Because we are internally managed, we directly incur the cost of management and operations. As a result, we pay no investment management fees or other fees to an external advisor. Our expenses consist primarily of interest expense on outstanding borrowings, compensation expense and general and administrative expenses, including professional fees. Interest and compensation expense are typically our largest expenses each period.

 

Interest and Amortization of Debt Issuance Costs. Interest expense is dependent on the average outstanding balance on our borrowings and, the base index rate for the period. Debt issuance costs represent fees, and other direct costs incurred in connection with the Company’s borrowings. These amounts are capitalized and amortized ratably over the contractual term of the borrowing.

 

Compensation Expense. Compensation expense includes base salaries, bonuses, stock compensation, employee benefits and employer-related payroll costs. The largest components of total compensation costs are base salaries and bonuses; generally, base salaries are expensed as incurred and annual bonus expenses are estimated and accrued. Our compensation arrangements with our employees contain a significant profit sharing and/or performance based bonus component. Therefore, as our net revenues increase, our compensation costs may also rise. In addition, our compensation expenses may also increase to reflect increased investment in personnel as we grow our products and businesses.

 

Professional Fees and General and Administrative Expenses. The balance of our expenses includes professional fees (primarily legal, accounting, valuation and other professional services), occupancy costs and general administrative and other costs.

 

Total expenses for the three months ended June 30, 2014 and 2013 were approximately $5.2 million and $4.7 million, respectively.

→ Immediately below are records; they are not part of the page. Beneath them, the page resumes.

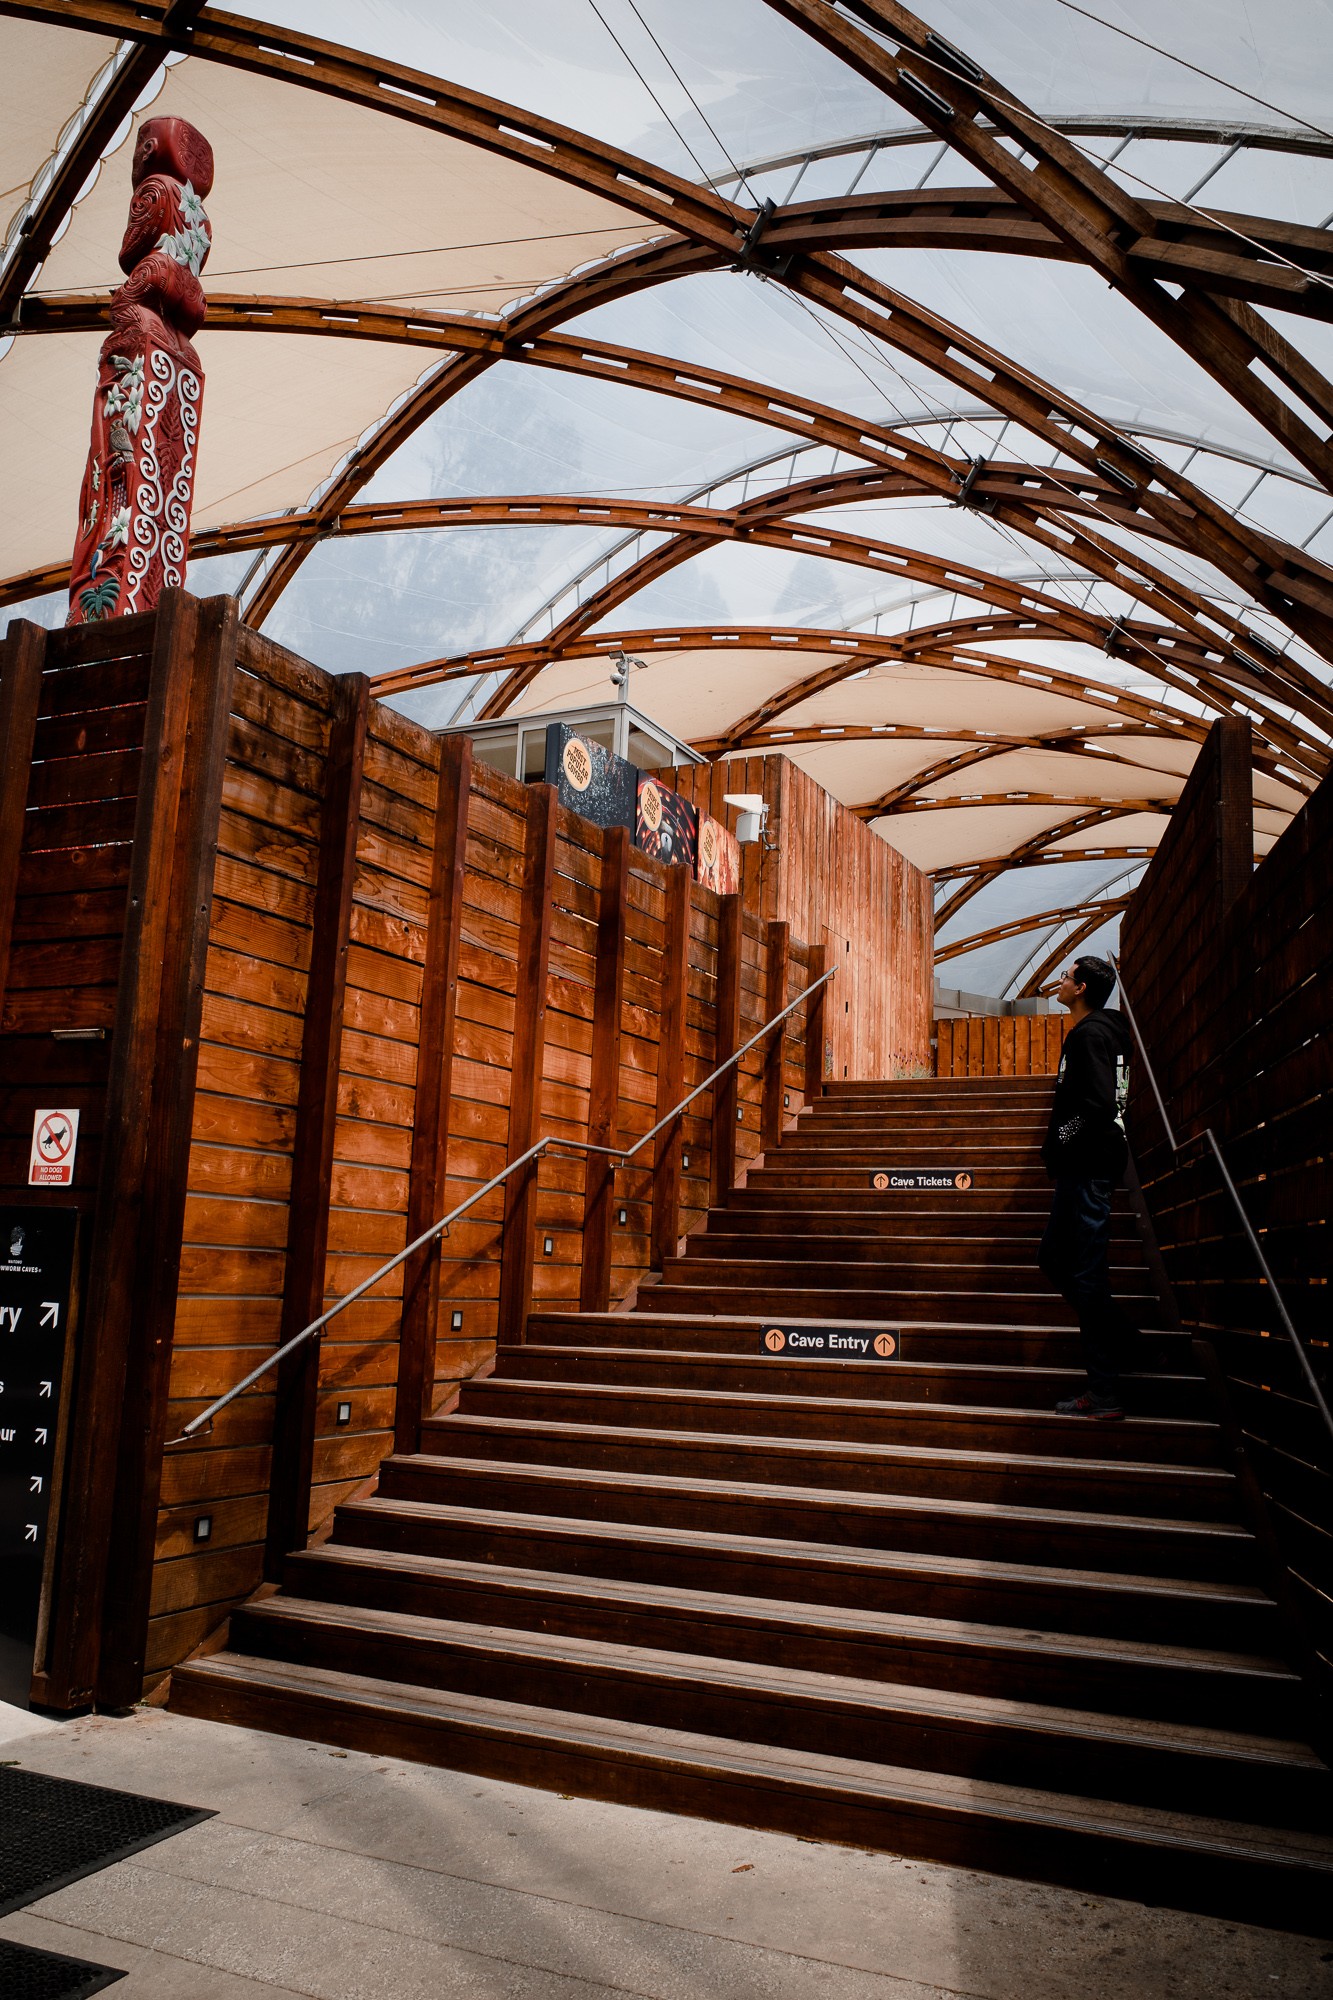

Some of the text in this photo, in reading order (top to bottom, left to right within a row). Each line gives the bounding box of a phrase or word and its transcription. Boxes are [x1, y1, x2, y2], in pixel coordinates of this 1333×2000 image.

[566, 749, 589, 780] POPULAR
[573, 746, 587, 765] MOST
[567, 761, 584, 784] COMBO
[890, 1176, 953, 1187] Cave Tickets
[788, 1332, 870, 1353] Cave Entry
[0, 1427, 17, 1442] ur

Interest expense and amortization on debt issuance costs for the periods, were approximately $2.9 million and $2.3 million, respectively, on average debt outstanding of $196 million and $108 million, respectively.

 

For the three months ended June 30, 2014 and 2013, approximately $1.2 million and $1.1 million, respectively, of expenses were attributable to employee compensation, including salaries, bonuses, employee benefits, payroll taxes and stock-based compensation expense. For the three months ended June 30, 2014 and 2013, respectively, professional fees and insurance expenses totaled approximately $657,000 and $779,000. Administrative costs, which include occupancy expense, technology and other office expenses, totaled approximately $399,000 and $513,000 for the three months ended June 30, 2014 and 2013, respectively.

 

Total expenses for the six months ended June 30, 2014 and 2013 were approximately $10.7 million and $9.1 million, respectively. Interest expense and amortization on debt issuance costs for the periods, were approximately $5.9 million and $4.5 million, respectively, on average debt outstanding of $196 million and $105 million, respectively.

 

For the six months ended June 30, 2014 and 2013, approximately $2.5 million and $2 million, respectively, of expenses were attributable to employee compensation, including salaries, bonuses, employee benefits, payroll taxes and stock-based compensation expense. The increase in compensation expense results from higher performance-based compensation and benefit plan expenses, as well as an increase in employee headcount. For the six months ended June 30, 2014 and 2013, respectively, professional fees and insurance expenses totaled approximately $1.5 million and $1.6 million. Administrative costs, which include occupancy expense, technology and other office expenses, totaled approximately $868,000 and $1 million for the six months ended June 30, 2014 and 2013, respectively.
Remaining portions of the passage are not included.